Graft impingement occurs when the graft becomes trapped in the notch between the rounded ends of the femur (intercondylar notch).
This can cause graft abrasion on the walls and edges of the notch, with wear and tear and eventual graft failure. The frayed edges can become bunched up and obstruct movement of the joint, causing decreased range of motion.
Usually, the surgeon can pre-empt this problem by careful attention to technique and performing a limited notchplasty and ensuring that adequate space exists upon completion of graft placement. In some cases, this problem may occur due to biological changes in the graft or the notch themselves.
|This left X-ray shows the joint where the ACL graft failed because the tunnels were too anterior.
Take a look at the femur (top bone). The white bits are the fixation devices holding the graft in the tunnel. The right X-ray shows the original tunnel (yellow arrow) with the new tunnel behind it and in the correct position. You get an idea of how far anterior the original tunnel was made. If you cannot orientate, look for the patella bone - that is the anterior aspect.
Causes of graft impingement
Causes of ACL graft impingement include -
Position of the femoral and tibial tunnels
Faulty operative technique is frequently a significant factor in failure of an ACL graft procedure, with misplaced femoral or tibial tunnels topping the list of causes of graft failure
If an ACL graft is positioned too far anteriorly, then graft impingement may occur. If one looks at an X-ray with the knee in full extension, the tibial tunnel needs to open into the joint in a position that is behind (posterior) the junction two imaginary lines - one representing the tibial plateau and the other the roof of the intercondylar notch (Blumensaat's line).
If the opening of the tibial tunnel is in front of (anterior to) this line, the graft may be too tight in flexion and too loose in extension, and it is likely that the graft will impinge on the notch.
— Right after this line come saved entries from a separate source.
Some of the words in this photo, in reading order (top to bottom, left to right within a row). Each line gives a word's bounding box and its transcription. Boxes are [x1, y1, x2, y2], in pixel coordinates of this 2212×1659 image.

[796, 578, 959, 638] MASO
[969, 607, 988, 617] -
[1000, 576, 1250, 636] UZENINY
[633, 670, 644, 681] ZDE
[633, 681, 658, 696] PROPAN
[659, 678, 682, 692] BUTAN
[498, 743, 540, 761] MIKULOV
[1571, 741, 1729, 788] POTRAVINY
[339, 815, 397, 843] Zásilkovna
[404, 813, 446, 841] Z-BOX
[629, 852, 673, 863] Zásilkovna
[Less commonly, the femoral tunnel may be positioned too posteriorly (towards the back). In this case, the fixation may fail due either to the posterior wall breaking apart and or to the graft being too tight in extension.]
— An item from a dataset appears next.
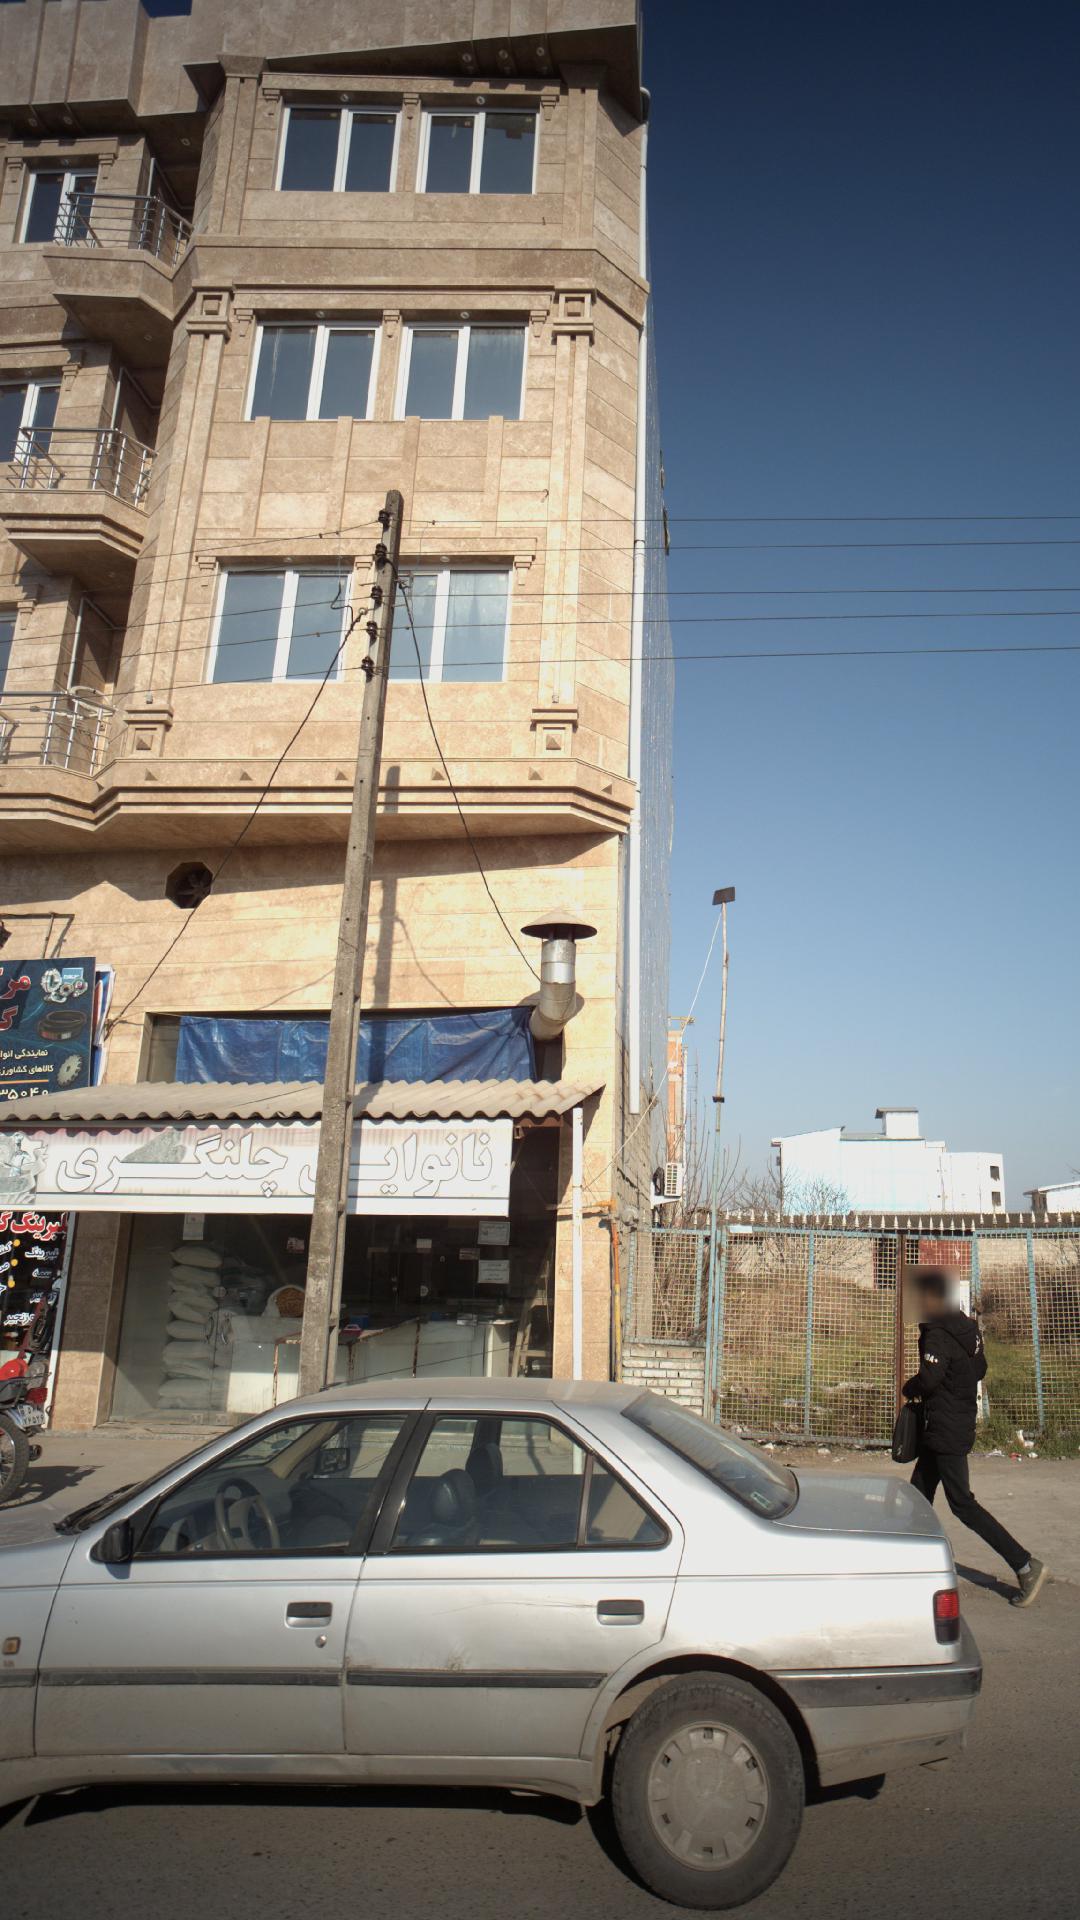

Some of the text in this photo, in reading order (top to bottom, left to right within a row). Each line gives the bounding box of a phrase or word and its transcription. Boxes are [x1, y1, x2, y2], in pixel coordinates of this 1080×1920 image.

[0, 1049, 48, 1060] نمایندگی انوا
[0, 1064, 54, 1076] کالاهای کشاورز
[56, 1132, 288, 1198] چلنگری
The position of the tibial tunnel is also a cause for ACL graft failure, although poor positioning may cause chronic instability. If the tibial tunnel is too anterior, the graft may impinge on the notch of the femur and rupture, or the graft may be too tight in flexion. A graft which is placed too posteriorly in the tibia may in comparison be too lax in flexion.
Graft width and hypertrophy
Biologic graft material (allograft and autograft), when first harvested, is intrinsically weaker than the living ACL. The surgeon compensates by preparing the graft material so that its strength is adequate to provide stability until revascularisation and ligamentisation. This means that the harvested graft starts off with a greater circumference than the ligament it is replacing, and thus the notch space is already compromised from the beginning.
As revascularisation and ligamentisation occur, and new tissue cells grow into the graft, the graft may actually grow wider (hypertrophy) than it was at surgery. This may lead it to become impinged on the walls or roof of the notch.
Notch shape and size
There is wide variation in the size and shape of the notch in people who have not had any damage to the cruciate ligament. Females tend to have narrower intercondylar notches than males. There are also differences between races. There is some controversy about whether or not a narrow notch (notch stenosis) predisposes individuals to later cruciate damage. During the procedure of primary cruciate ligament surgery, most surgeons will widen the walls and the roof of the notch - a procedure known as notchplasty.
The need for routine notchplasty is controversial, and surgeons currently need to use their judgement in this respect, taking into account the width of the graft and the existing diameter of the notch.
Despite adequate notchplasty, graft impingement may still occur months after the initial reconstruction due to growth of fibrocartilage tissue from the edges of the notchplasty site. Hence, the surgeon needs to remain vigilant during the rehabilitation period and beyond, and it may prove necessary to repeat the notchplasty at a later date to prevent the graft from becoming compromised.
A cyclops lesion is a lump of fibrous (scar) tissue that may develop within the notch of the femur, in relation to a damaged or reconstructed cruciate ligament, and can obstruct the knee from achieving full extension. It may arise from the old stump of the cruciate, or from drilling debris remaining in the tibial tunnel and, more rarely, from abraded graft fibres. If there is graft impingement, the scar tissue can result from repeated impingement on the notch with every knee extension.